Journal photo / Bob Thayer
Honorary pall bearers from the U.S. Marine Corps carry the casket of Lance Cpl. Eric Valdepeñas as Bishop Hendricken High students look on at the cathedral today.
PROVIDENCE -- Eric Valdepeñas's mother, father and six brothers and sisters were among the hundreds who gathered inside the Cathedral of Saints Peter and Paul today to say goodbye to the 21-year-old Marine lance corporal who died in Iraq last week.
The service was heavily attended by representatives from Bishop Hendricken High School in Warwick, where Valdepeñas was an honors student and all-state lacrosse player. The Hendricken lacrosse team lined the stairway leading into the cathedral as Valdepeñas's flag-draped coffin was brought in by six Marines.
It was a formal, somber ceremony.
The Rev. Marcel Taillon, the chaplain at Bishop Hendricken, said there were two mottos that Valdepeñas lived his life by. The first was the Marines' motto, Semper Fidelis, which means "always faithful" in Latin.

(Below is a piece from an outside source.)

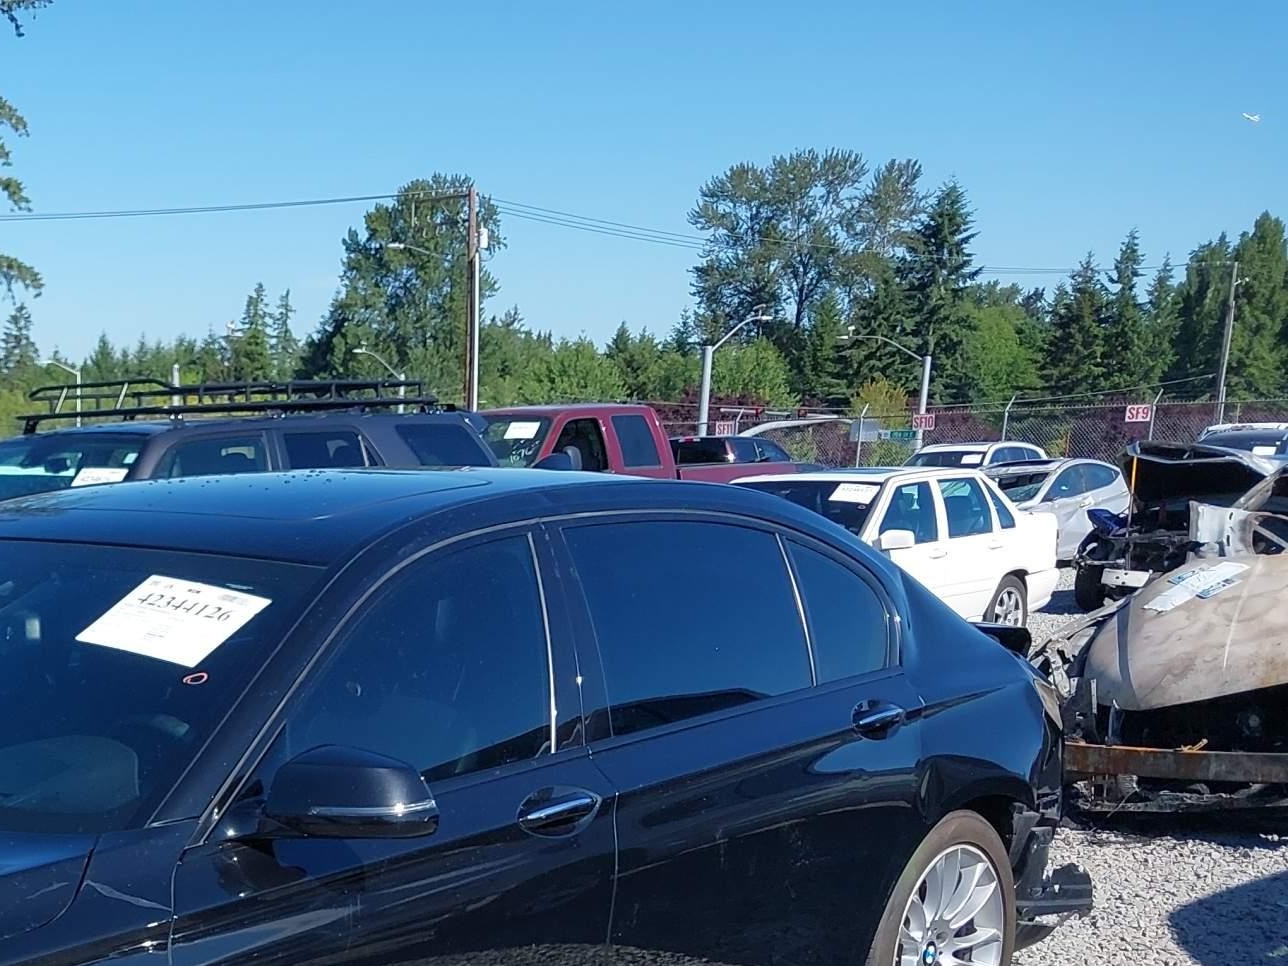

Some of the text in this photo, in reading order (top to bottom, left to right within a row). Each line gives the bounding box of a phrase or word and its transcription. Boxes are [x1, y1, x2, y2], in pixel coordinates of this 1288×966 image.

[1127, 406, 1149, 420] SF9
[717, 423, 733, 435] SF11
[913, 415, 934, 429] SF10
[137, 592, 234, 621] 42344126

"That embodied Eric's goodness," Taillon told the large crowd inside the church. "He was always faithful to God, and to family and to friends."
The second was Hendricken's motto: "Live Jesus in our hearts forever."

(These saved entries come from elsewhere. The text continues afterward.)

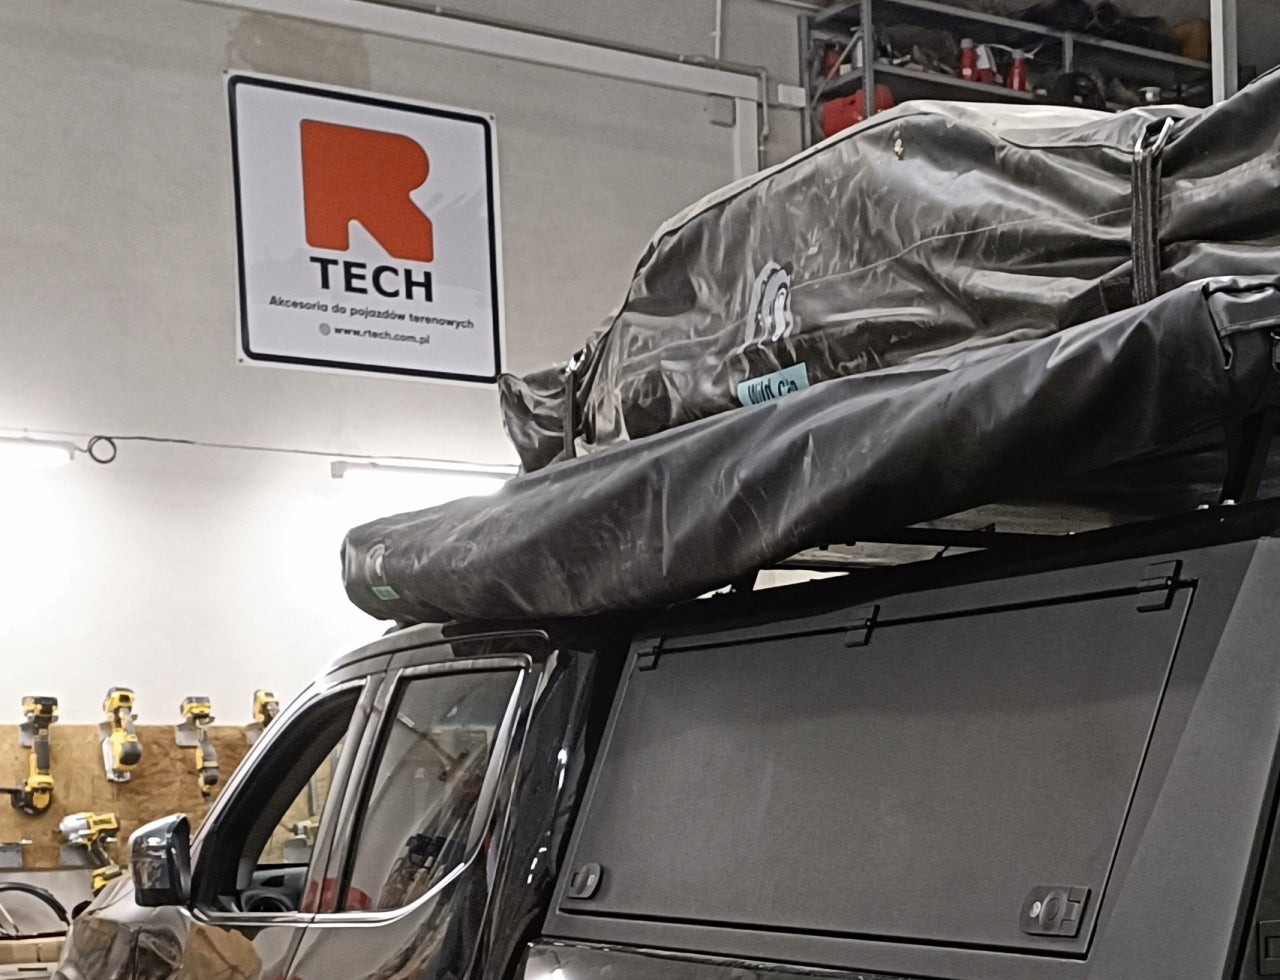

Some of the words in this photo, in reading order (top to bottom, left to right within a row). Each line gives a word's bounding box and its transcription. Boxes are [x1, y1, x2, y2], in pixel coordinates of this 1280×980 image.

[309, 256, 433, 302] TECH
[269, 295, 328, 312] Akcesoria
[331, 303, 347, 314] do
[350, 306, 406, 320] pojazdów
[409, 313, 474, 329] terenowych
[334, 327, 431, 345] www.rtech.com.pl

Valdepeñas's mother told Taillon that her son "lived the prayer," Taillon said. "She said she saw Jesus in his eyes."
Valdepeñas, who lived in Seekonk, Mass., was a machine gunner in the the 1st Battalion, 25th Marines, weapons company. He was in his sophomore year at the University of Massachusetts Amherst when his reserve unit was sent to Iraq.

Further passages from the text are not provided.